Urban breakdown is one fact of life. So is urban revision. Here, Ruben offers a way to peer at our urban surroundings, and the ways they constantly morph, a bit more discerningly. While driving around my hometown of Santa Fe, I found myself looking at a construction project in which a portion of a sidewalk was cored out. I had no backstory; all I could see was that the surrounding sidewalk remained intact, while the area that had been extracted revealed the ground–dirt and rocks–beneath. Orange cones and yellow caution tape cordoned off the section, keeping walkers away from the work in progress. Crooked Under the Weight came to mind. Exhibited at SITE Santa Fe in 2009, the sculpture was composed of pieces of concrete, cut directly from the institution’s floor. The result was an intervention into the very ground of SITE Santa Fe, on one level, and an the opportunity to see the dirt beneath the art space, on another. Crooked pieces of rebar bore the weight of the concrete, which was raised up several feet high, giving the sense that the snaking metal forms might collapse under their burden. The burden, in this case, is real and metaphorical.

“Crooked” featured site-specific works. When you lift up the foundation of a museum space, it’s hard to imagine anything supporting all those histories, and burdened by that much weight, things could get crooked. It was really about engaging the space and believing that the sculpture existed at that moment in time. So, I developed a body of work that cuts into the fabric of the institutional landscape.
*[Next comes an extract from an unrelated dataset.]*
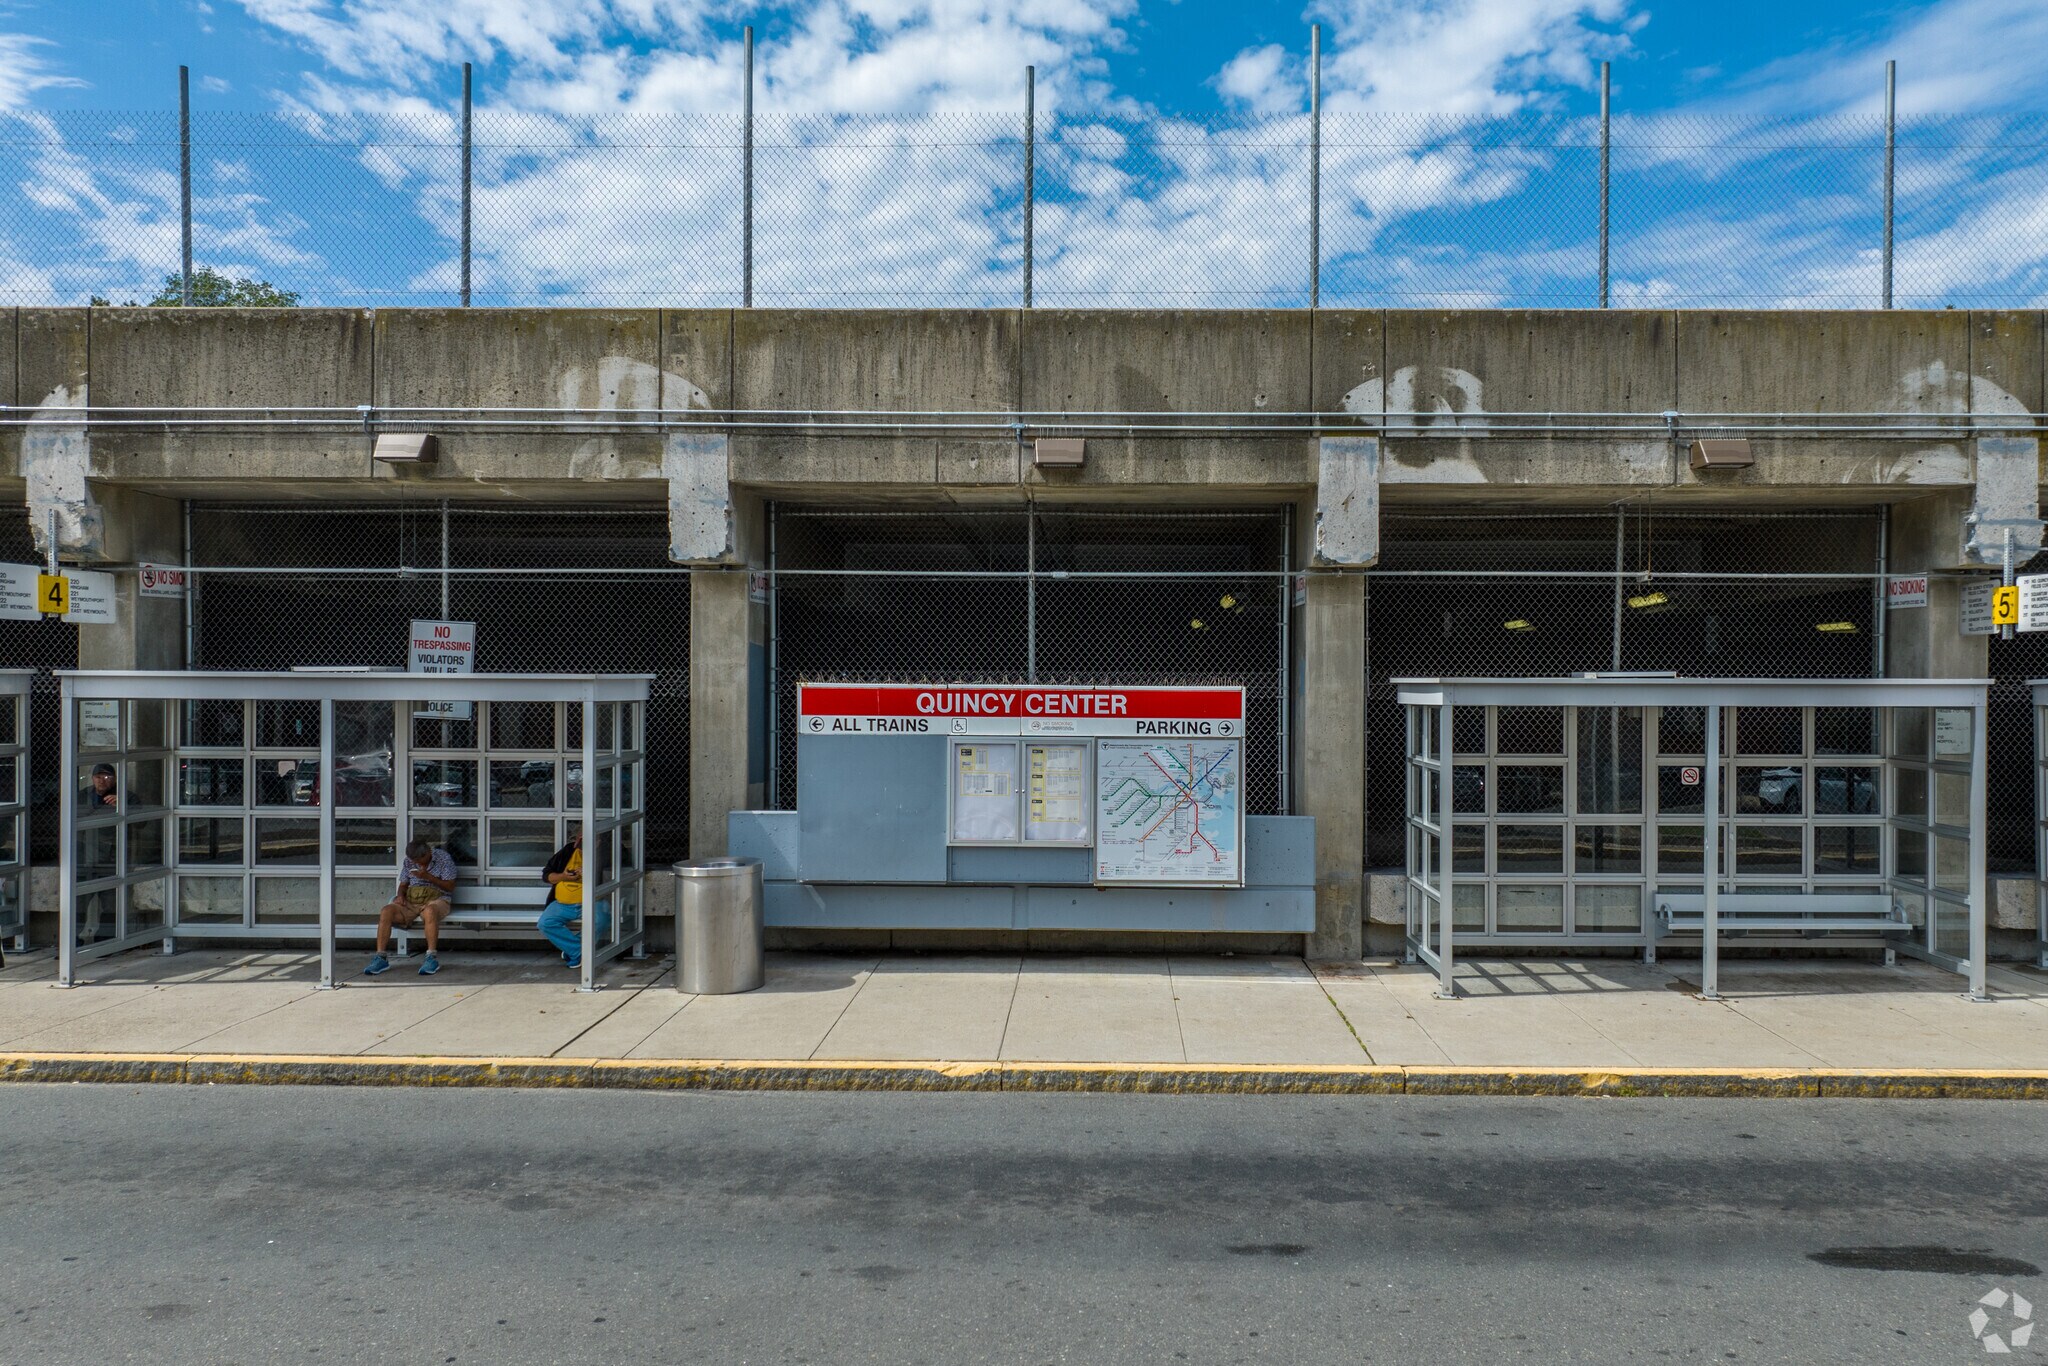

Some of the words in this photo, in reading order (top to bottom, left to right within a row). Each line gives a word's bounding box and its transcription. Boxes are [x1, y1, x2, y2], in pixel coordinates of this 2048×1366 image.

Some chunks of the old concrete chipped off naturally in the process of extraction, and the sculpture showed that.

Metaphor or a kind of creative double entendre; those are two prime aspects that define Ruben’s body of work. While building materials always remain as they are, an important point that the artist stated to me in person, they nonetheless bear other meanings. Those meanings range: they can include the very real fact that crumbling infrastructure is often a marker of lower class neighborhoods, or the way that labor becomes invisible to the extent that we have been conditioned by our cultural and economic blinders. Capitalism plays its part, here. And so while concrete remains concrete, and palettes palettes, the materials themselves are vehicles for conveying the notion that certain strata that compose our urban existence, down to the sweat equity and economies defined by unabated demand, continue to remain out of sight.